Bloomberg reported Wednesday that Brazil, the world’s top Arabica exporter, is accumulating huge losses due to the consistently unusual weather, resulting in lower yields that threaten to prolong a global supply crunch.
Drought and cold disrupted flowering last season, and severe frosts in July 2021 forced farmers to cut down coffee trees at a time when the fertiliser needed for replanting was expensive. As a country that relies on imports for about 85% of its fertiliser needs, Brazil was hit hard by the war between Ukraine and Russia, which is a major exporter of fertiliser. This not only reduced last year’s harvest, but also the potential for 2022, which is supposed to be Brazil’s highest yielding cycle.
Luis Fernando Ferreira da Silva, a grower in Brazil’s top arabica-producing state of Minas Gerais, predicted that this season’s crop would be reduced by more than half due to last year’s drought and frost. He expected to harvest 8,000 60kg bags at first, but later reduced his estimate to 3,500 bags.
According to a Somar Meteorologia report, only 0.6 millimetres of rain fell in Minas Gerais during the last week of July, or 17% of the historical average. In Brazil, Minas Gerais produces roughly 30% of the country’s arabica. Overall, the Brazilian Panel on Climate Change reported that the country could lose about 11 million hectares of agricultural land by 2030 as a result of climate change.
Arabica futures have risen by about 80% in the last two years when second-ranked producer, Colombia’s crop was also slashed by excessive rain. Brazil’s bleak outlook may keep coffee lovers and chains like Starbucks Corp. paying high prices.
Margarete Boteon, an agricultural researcher at the University of Sao Paulo, said, “Farmers believe there will be a significant crop failure in the current season,” compared to the previous high-yielding cycle two years ago.
Yields are lower than expected in most arabica regions, and the cherries are husky with smaller-than-usual beans inside, according to Regis Ricco, a consultant who recently visited the main producing areas. While the remaining crops are beautiful and leafy, yields have been disappointing when the fruits are processed into coffee beans, he said.

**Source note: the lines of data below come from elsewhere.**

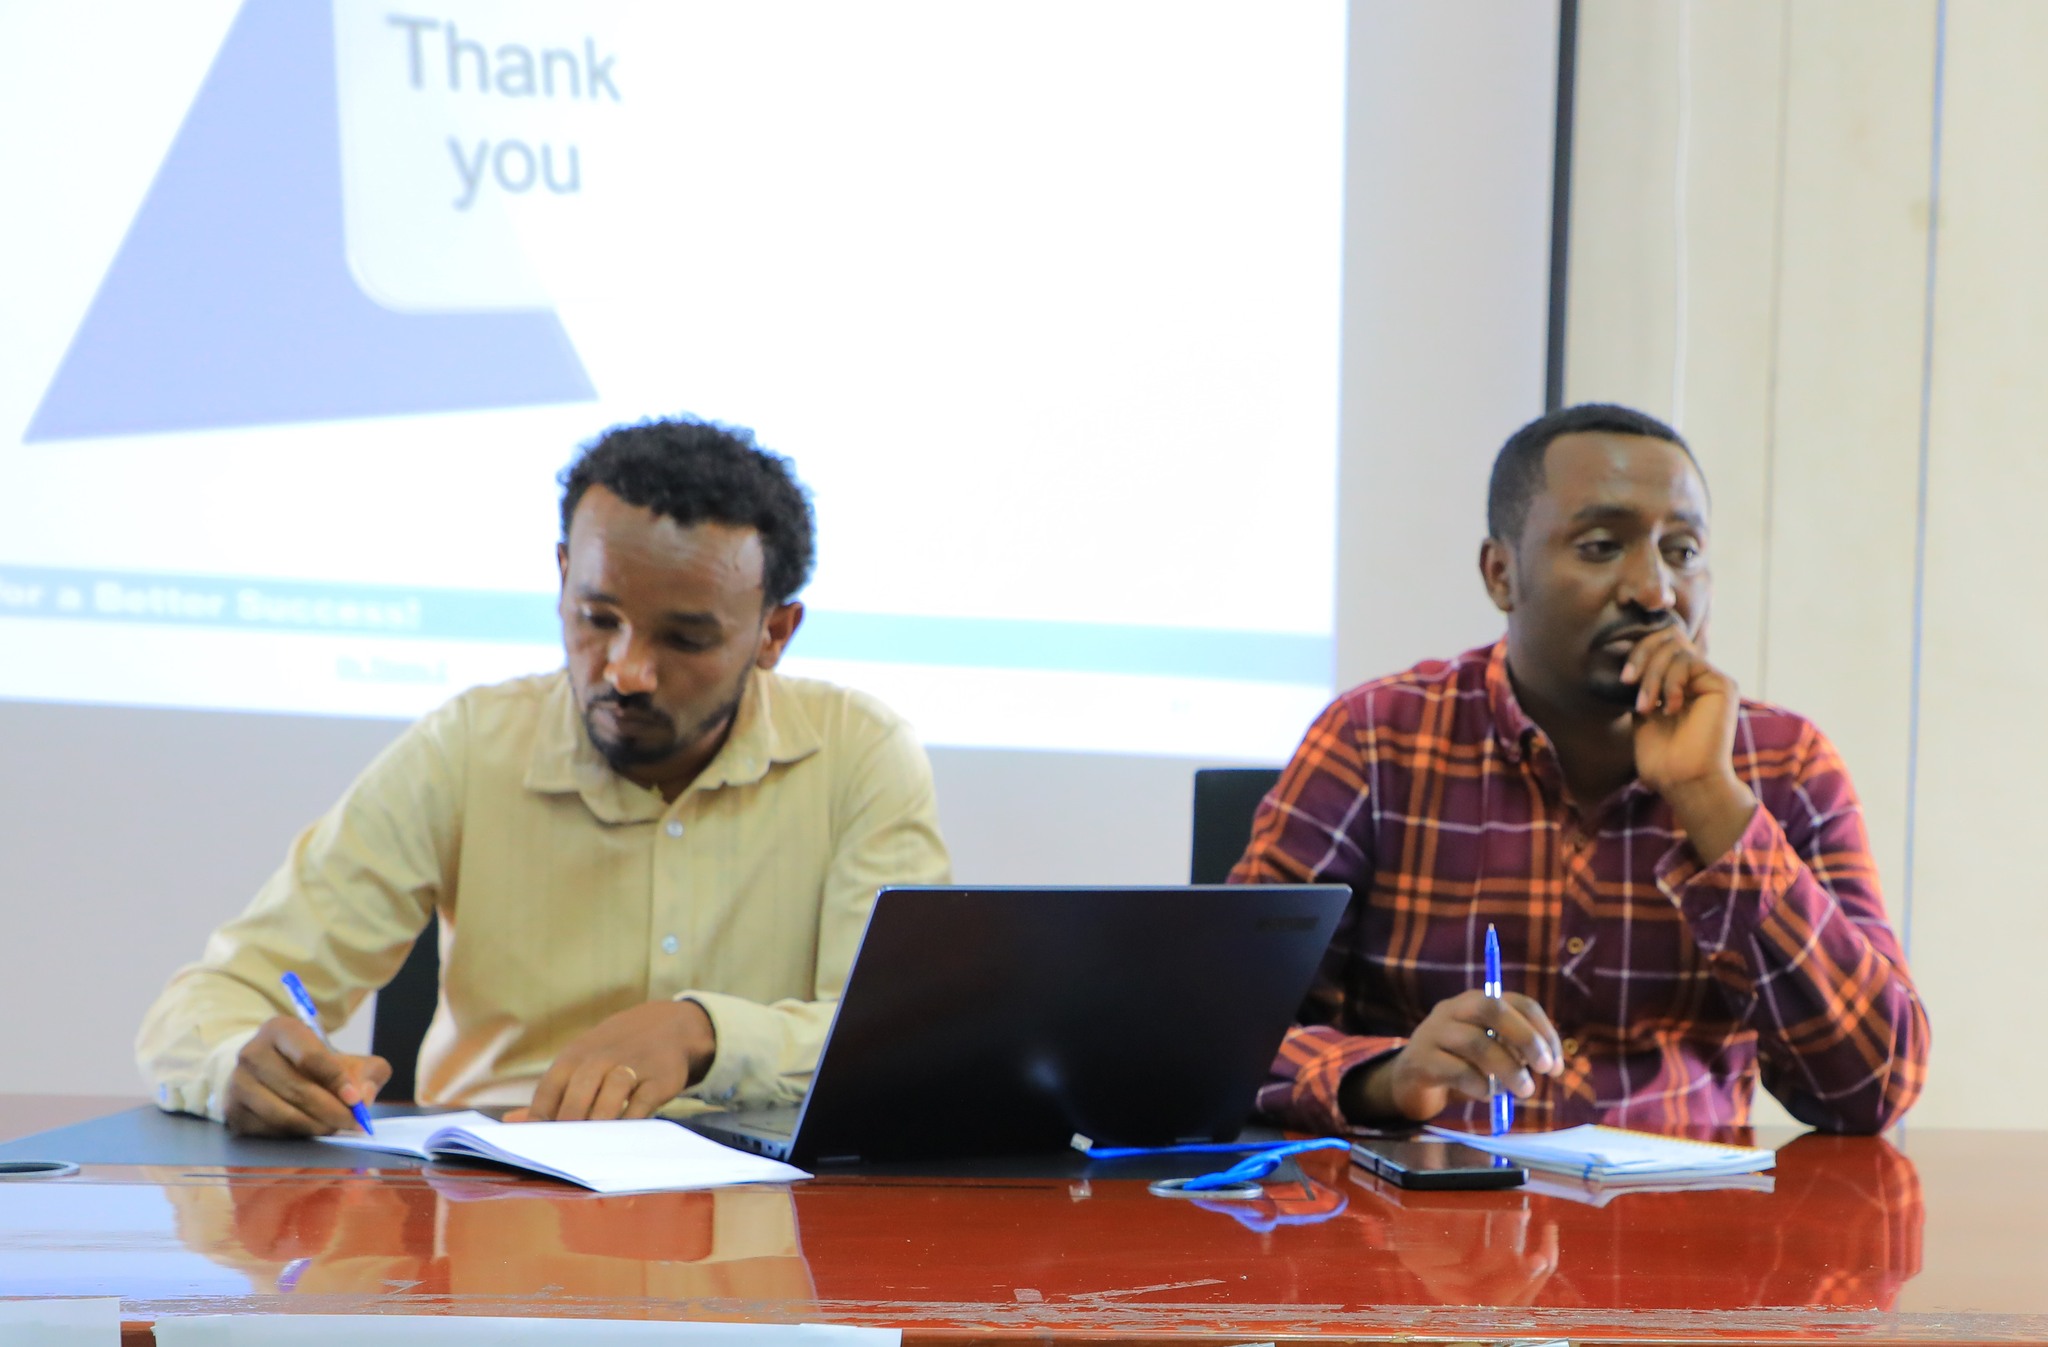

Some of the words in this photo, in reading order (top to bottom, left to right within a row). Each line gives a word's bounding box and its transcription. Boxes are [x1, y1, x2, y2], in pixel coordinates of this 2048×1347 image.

[386, 12, 621, 102] Thank
[447, 136, 580, 211] you
[57, 587, 82, 610] a
[95, 581, 225, 617] Better
[236, 588, 421, 630] Success!

Consequently, more beans are required this year to fill a bag. While 420 litres of beans are typically required to produce a 60kg bag, harvest reports indicate that an additional 570 litres are now required, Ricco said. Brazil’s output this year may barely reach 32 million bags, down from 38 million bags expected in March and well short of the potential of around 53 million bags for the high-yielding cycle, he further added.

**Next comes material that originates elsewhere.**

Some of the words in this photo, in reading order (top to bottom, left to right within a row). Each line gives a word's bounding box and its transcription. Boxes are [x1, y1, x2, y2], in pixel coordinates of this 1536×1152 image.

Likewise, commodity research firm Taka Insights has forecast Brazilian Arabica coffee production for July 2023/June 2024 at 40.68 million 60-kg bags, only up slightly from the 2022/23 crop of 38.48 million bags currently being harvested. The company builds daily crop forecast models using remote sensoring and data from weather stations.
The current harvest results have also surprised Labareda Agropecuaria, a major producer in Sao Paulo’s Mogiana region. According to Gabriel Lancha Alves de Oliveira, the company’s commercial director, output is now seen to be 20% lower than expected at the start of the year. The additional reduction in its estimate means that the harvest will be 40% lower than its potential.
If that trend is confirmed nationally, it would signal an arabica crop below the preliminary expected potential.Gil Barabach, Analyst, SAFRAS & Mercado
Private and cooperative warehouses are (sic) very empty which is uncommon for this time period.Joao Prata Pereira, a partner in a Minas Gerais exporting firm
Conab, Brazil’s national supply company, estimated 35.7 million bags of arabica output this year in May, down from 38.8 million bags in January. While the estimate indicates recovery from 2021, the output will be 27% lower than the previous high-yielding crop cycle of 2020. On September 20, the agency will provide an update.
Lower yields indicate less supply available to process beans into washed arabica, which is expensive, and this will keep inventories low at ICE Futures US, supporting elevated prices, according to consultant Judy Ganes, who has toured Brazilian fields several times over the past year to assess crop health.